Enjeux de préservation et de valorisation des sites d’art rupestre en Afrique australe : apports de la géographie humaine et mise en place de démarches interdisciplinaires

La Lettre Sciences des territoires

#ZOOM SUR...

Chargée de recherche CNRS au sein du laboratoire Environnement Dynamique et Territoires de la Montagne (EDYTEM, UMR5204, CNRS / Université Savoie Mont Blanc), Mélanie Duval conduit des recherches sur l’analyse des processus de patrimonialisation et les enjeux de mise en tourisme des sites archéologiques. Elle est responsable scientifique du projet ANR COSMO-ART qui porte sur les enjeux de préservation et de valorisation des sites d’art rupestre en Afrique australe (Afrique du Sud, Namibie). Suivant une approche cosmopolitique, celui-ci analyse les différents usages dont les sites d’art rupestre font l’objet, ainsi que les registres de valeurs qui leur sont attribués, en questionnant des points d’intérêt communs interculturels.

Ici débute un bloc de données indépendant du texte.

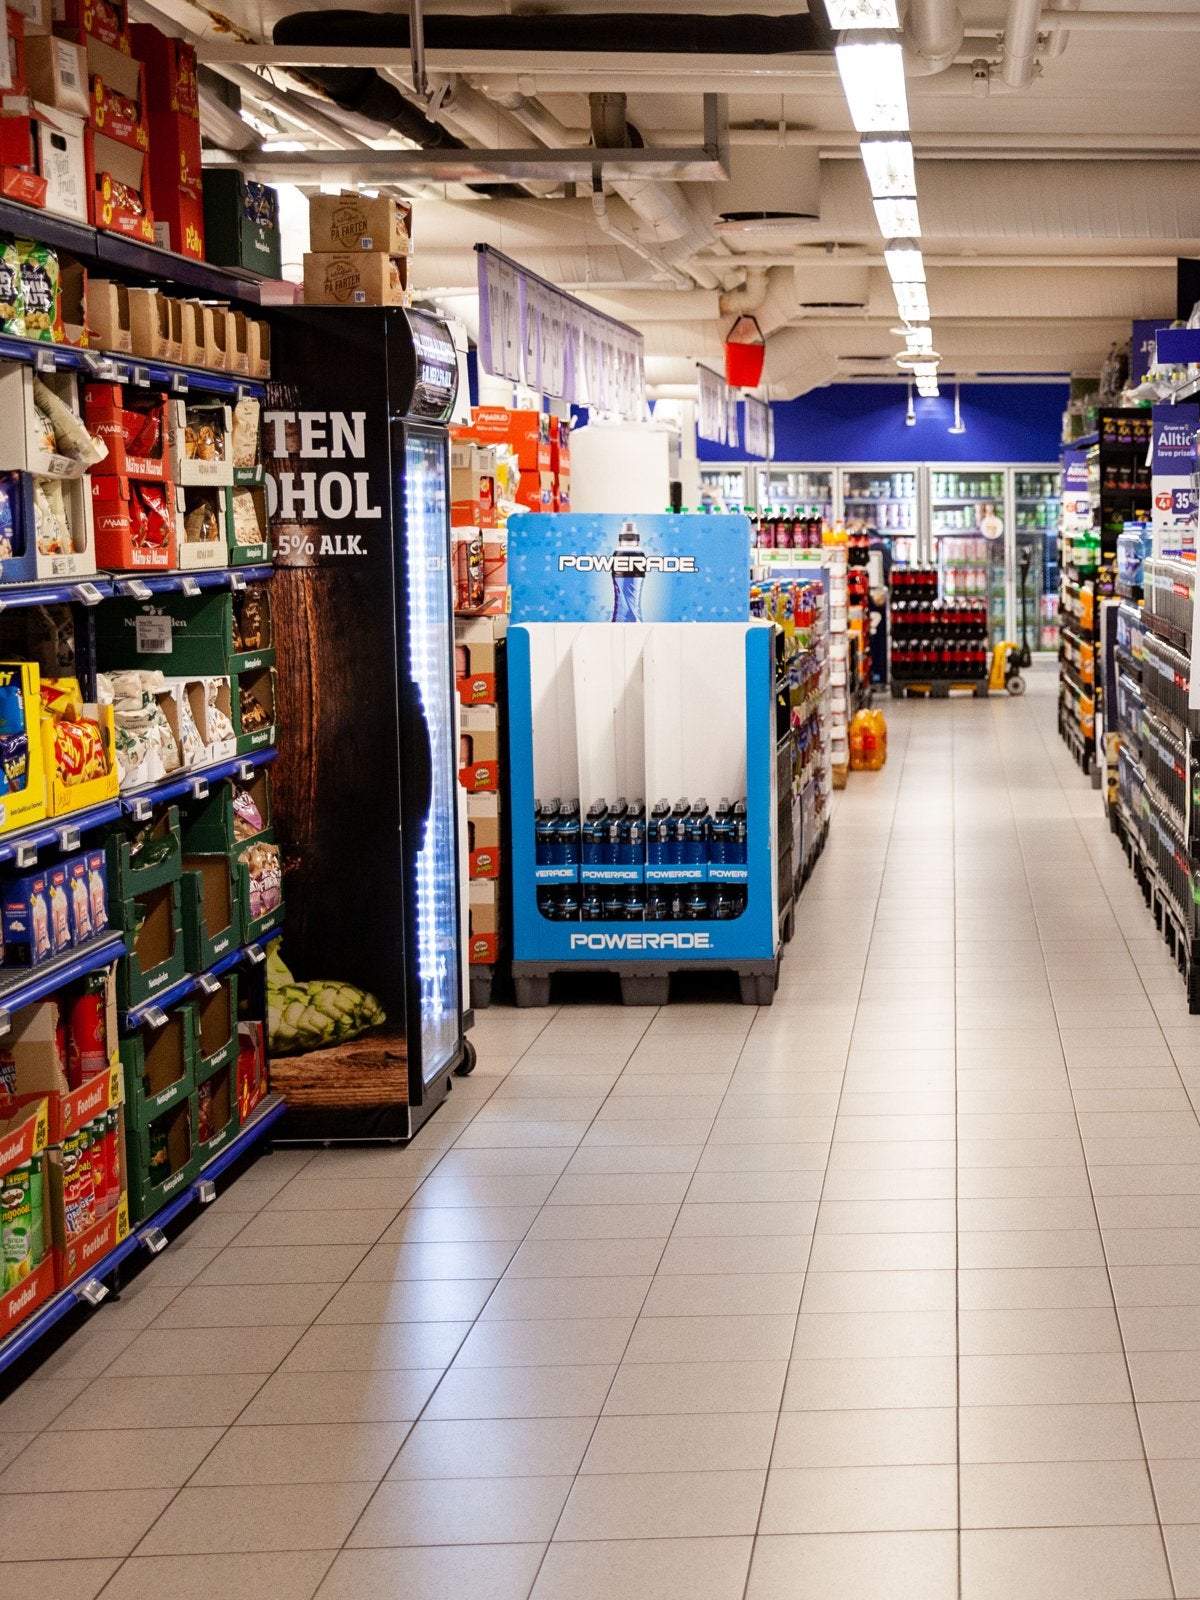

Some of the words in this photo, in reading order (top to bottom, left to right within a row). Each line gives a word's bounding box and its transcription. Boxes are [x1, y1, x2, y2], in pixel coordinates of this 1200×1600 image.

[264, 412, 367, 458] TEN
[1158, 449, 1173, 457] lave
[1159, 498, 1167, 509] 4
[319, 535, 368, 555] ALK.
[77, 1086, 103, 1116] Football
[82, 1230, 109, 1260] Football
[9, 1282, 37, 1318] Football
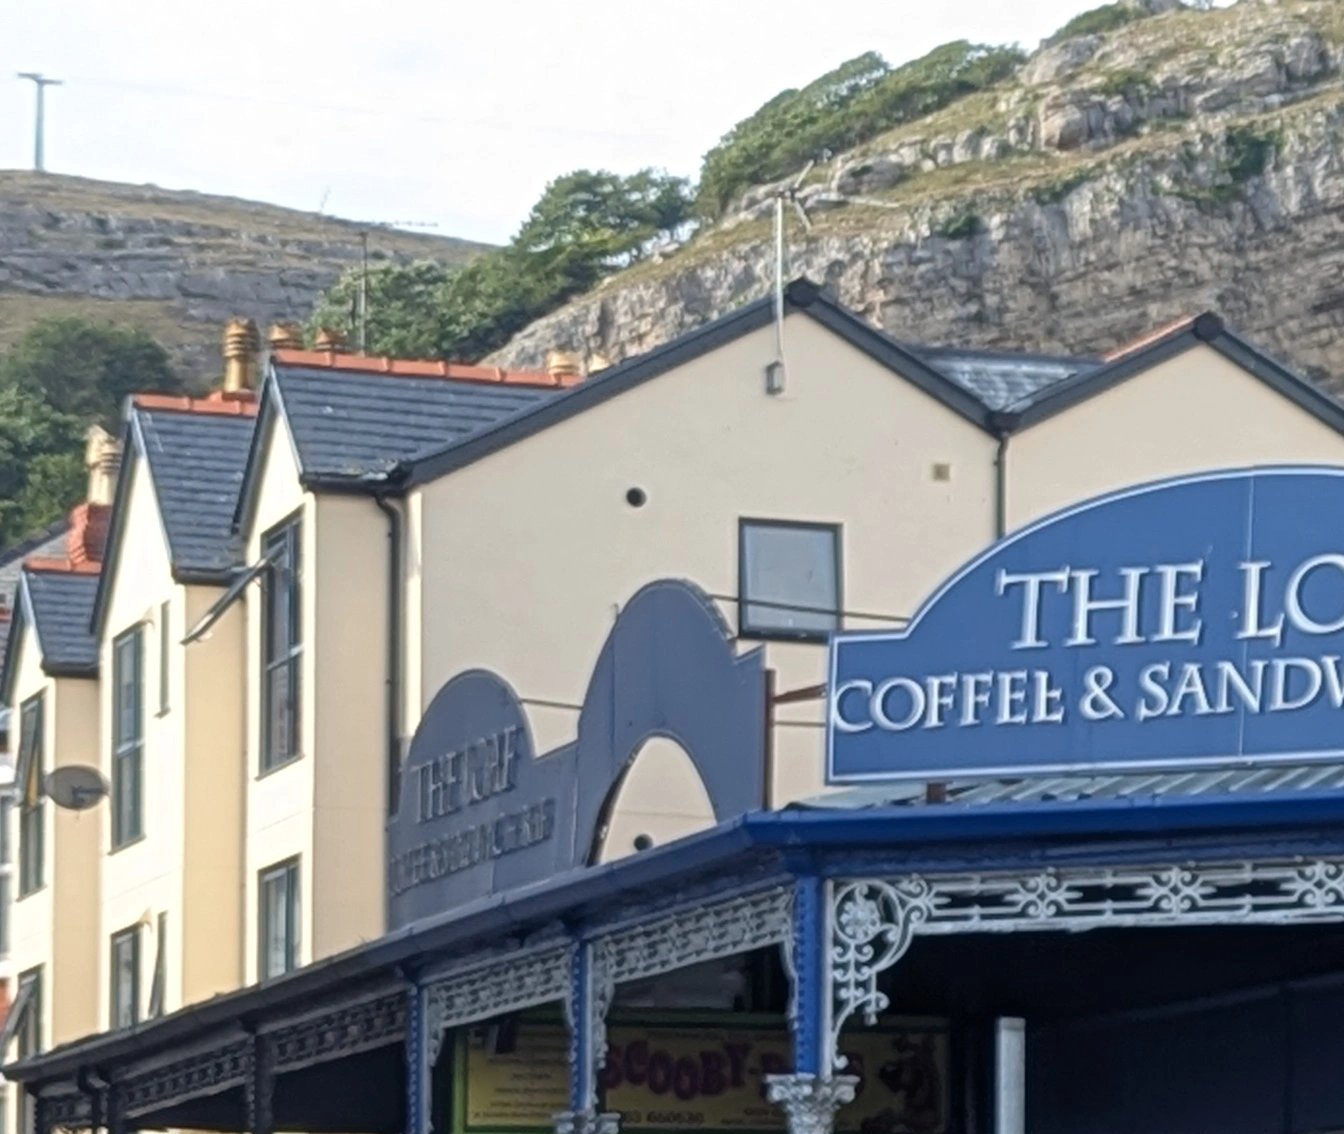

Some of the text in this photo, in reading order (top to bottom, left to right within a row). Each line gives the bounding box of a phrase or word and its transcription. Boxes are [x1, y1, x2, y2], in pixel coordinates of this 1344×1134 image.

[1000, 560, 1206, 652] THE
[833, 670, 1065, 735] COFFEE
[1080, 672, 1125, 720] &
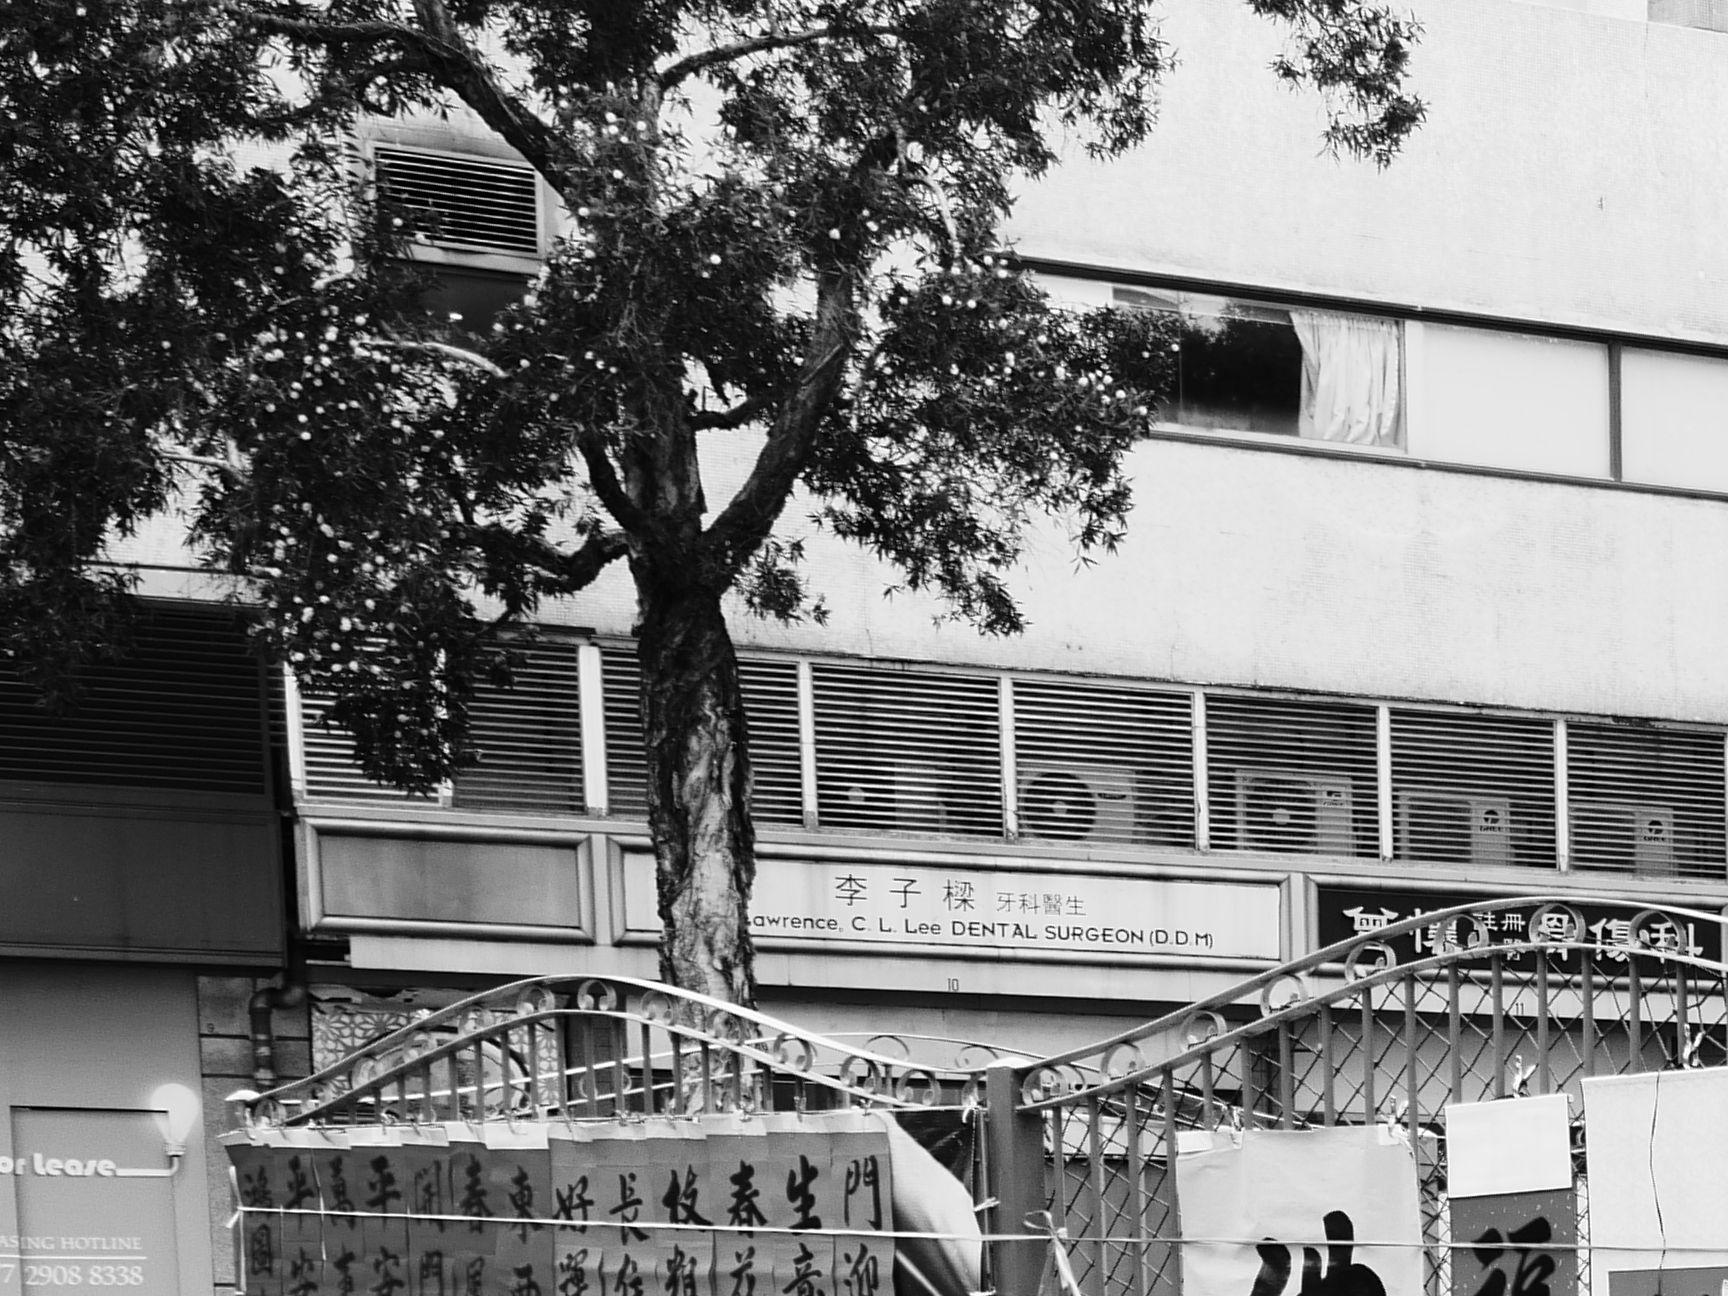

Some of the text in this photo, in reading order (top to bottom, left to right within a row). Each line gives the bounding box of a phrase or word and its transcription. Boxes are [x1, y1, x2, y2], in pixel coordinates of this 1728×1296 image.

Les sites d’art rupestre, que l’on peut définir comme toute manifestation graphique sur un support rocheux en place, présentent une large répartition spatiale sur tous les continents1 . Ils se caractérisent par une grande diversité au niveau des formes représentées, des techniques employées et des lieux utilisés avec des productions graphiques dans des grottes ornées, des abris sous-roche, ou encore des paysages ouverts. Ils couvrent un large spectre chronologique allant de périodes de production très anciennes avec des sites datant de la préhistoire (par exemple, la grotte Chauvet-Pont d’Arc en France, dont les dessins sont datés de -36 000 ans par rapport à aujourd’hui2 ) à des productions modernes (gravures de bergers dans les territoires de montagne comme celles datées du xixe siècle autour du Mont Bego dans le Mercantour3 , ou encore des sites ornés en Afrique du Sud relatant des événements historiques comme le site de Great Train Shelter sur le plateau du Makgabeng4 . Enfin, ils se caractérisent également par une diversité de pratiques sociales5 . Ils peuvent être, parfois de manière simultanée, utilisés à des fins domestiques (constructions d’habitats troglodytiques ou encore d’enclos pour garder des troupeaux), à des fins scientifiques (en tant que vecteur d’analyse et de compréhension de comportements sociaux passés), à des fins spirituelles et religieuses (avec la pratique de rituels et de cérémonies), à des fins récréatives (lieux pratiqués dans le cadre de loisirs) ou encore à des fins touristiques (avec des formes de mise en tourisme très variées allant de la construction de copies à des aménagements assez souples, en passant par des visites guidées parfois contingentées6 ).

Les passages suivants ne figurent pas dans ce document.